* [THE DATA]
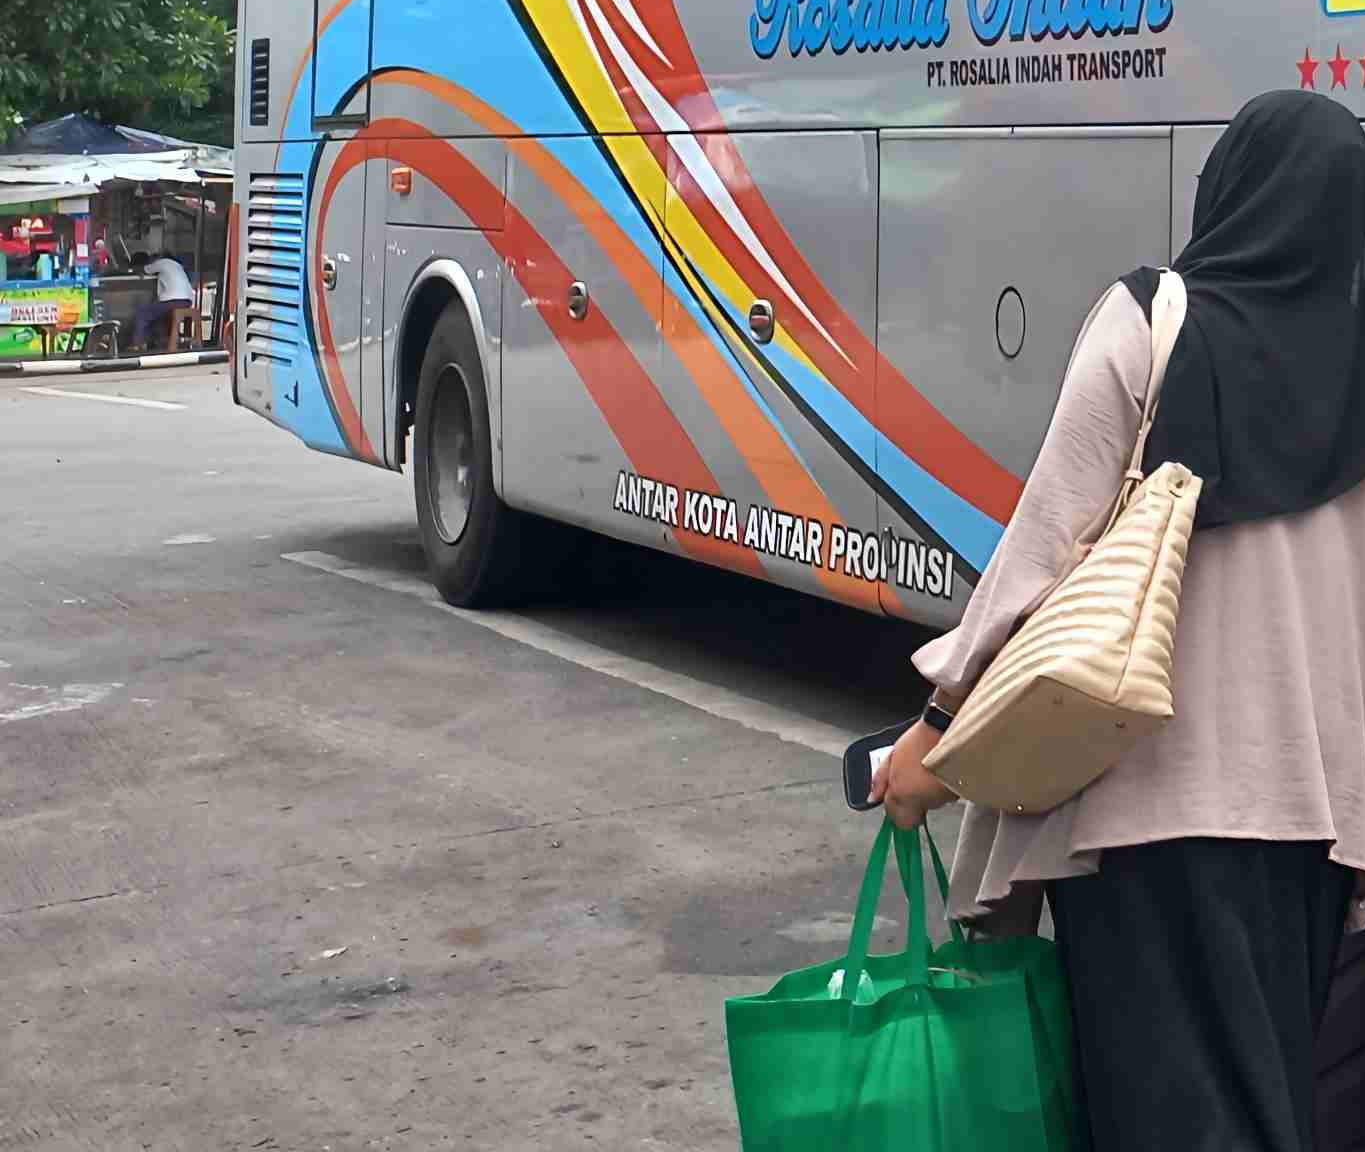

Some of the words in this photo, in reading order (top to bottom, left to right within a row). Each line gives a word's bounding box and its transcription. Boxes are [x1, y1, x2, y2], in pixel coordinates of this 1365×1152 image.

[927, 60, 947, 87] PT.
[949, 54, 1012, 87] ROSALIA
[1014, 52, 1063, 85] INDAH
[1067, 47, 1167, 81] TRANSPORT
[613, 470, 680, 526] ANTAR
[683, 489, 739, 545] KOTA
[744, 504, 823, 567] ANTAR
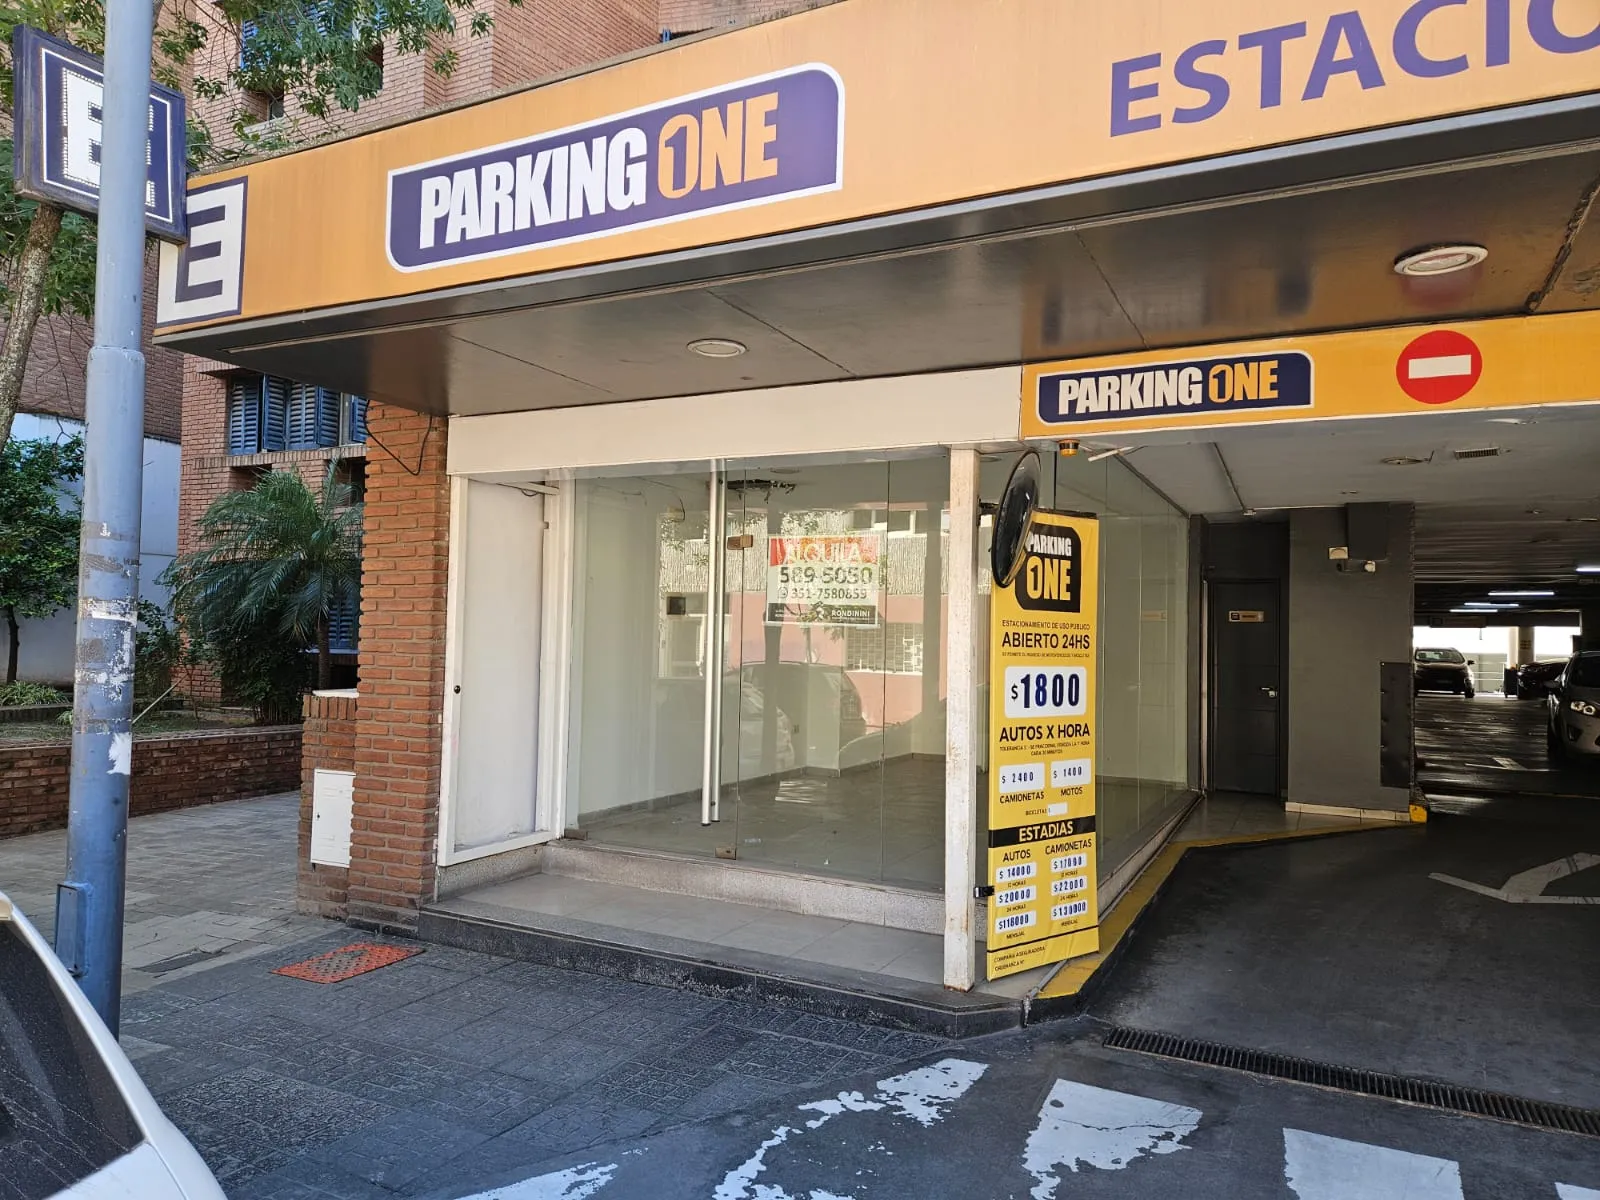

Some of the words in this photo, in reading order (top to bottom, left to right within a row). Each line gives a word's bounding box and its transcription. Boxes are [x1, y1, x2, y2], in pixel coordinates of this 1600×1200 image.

[420, 127, 648, 249] PARKING
[657, 92, 779, 199] ONE
[1058, 366, 1203, 415] PARKING
[1208, 360, 1279, 404] ONE
[1026, 555, 1071, 600] ONE
[831, 609, 870, 618] RONDININI
[1002, 631, 1059, 649] ABIERTO
[1062, 633, 1090, 650] 24HS
[999, 725, 1043, 742] AUTOS
[1046, 724, 1055, 740] X
[1057, 722, 1090, 738] HORA
[1000, 791, 1045, 804] CAMIONETAS
[1060, 786, 1083, 797] MOTOS
[1019, 820, 1074, 842] ESTADIAS
[1002, 848, 1031, 863] AUTOS
[1045, 838, 1092, 855] CAMIONETAS

* [WHAT THE EXERCISE ASKS]
Every line above is to be returned exactly, with its pictures removed.

* [TASK OUTPUT]
Some of the words in this photo, in reading order (top to bottom, left to right within a row). Each line gives a word's bounding box and its transcription. Boxes are [x1, y1, x2, y2], in pixel coordinates of this 1365×1152 image.

[927, 60, 947, 87] PT.
[949, 54, 1012, 87] ROSALIA
[1014, 52, 1063, 85] INDAH
[1067, 47, 1167, 81] TRANSPORT
[613, 470, 680, 526] ANTAR
[683, 489, 739, 545] KOTA
[744, 504, 823, 567] ANTAR

Some of the words in this photo, in reading order (top to bottom, left to right within a row). Each line gives a word's bounding box and its transcription. Boxes are [x1, y1, x2, y2], in pixel coordinates of this 1600×1200 image.

[420, 127, 648, 249] PARKING
[657, 92, 779, 199] ONE
[1058, 366, 1203, 415] PARKING
[1208, 360, 1279, 404] ONE
[1026, 555, 1071, 600] ONE
[831, 609, 870, 618] RONDININI
[1002, 631, 1059, 649] ABIERTO
[1062, 633, 1090, 650] 24HS
[999, 725, 1043, 742] AUTOS
[1046, 724, 1055, 740] X
[1057, 722, 1090, 738] HORA
[1000, 791, 1045, 804] CAMIONETAS
[1060, 786, 1083, 797] MOTOS
[1019, 820, 1074, 842] ESTADIAS
[1002, 848, 1031, 863] AUTOS
[1045, 838, 1092, 855] CAMIONETAS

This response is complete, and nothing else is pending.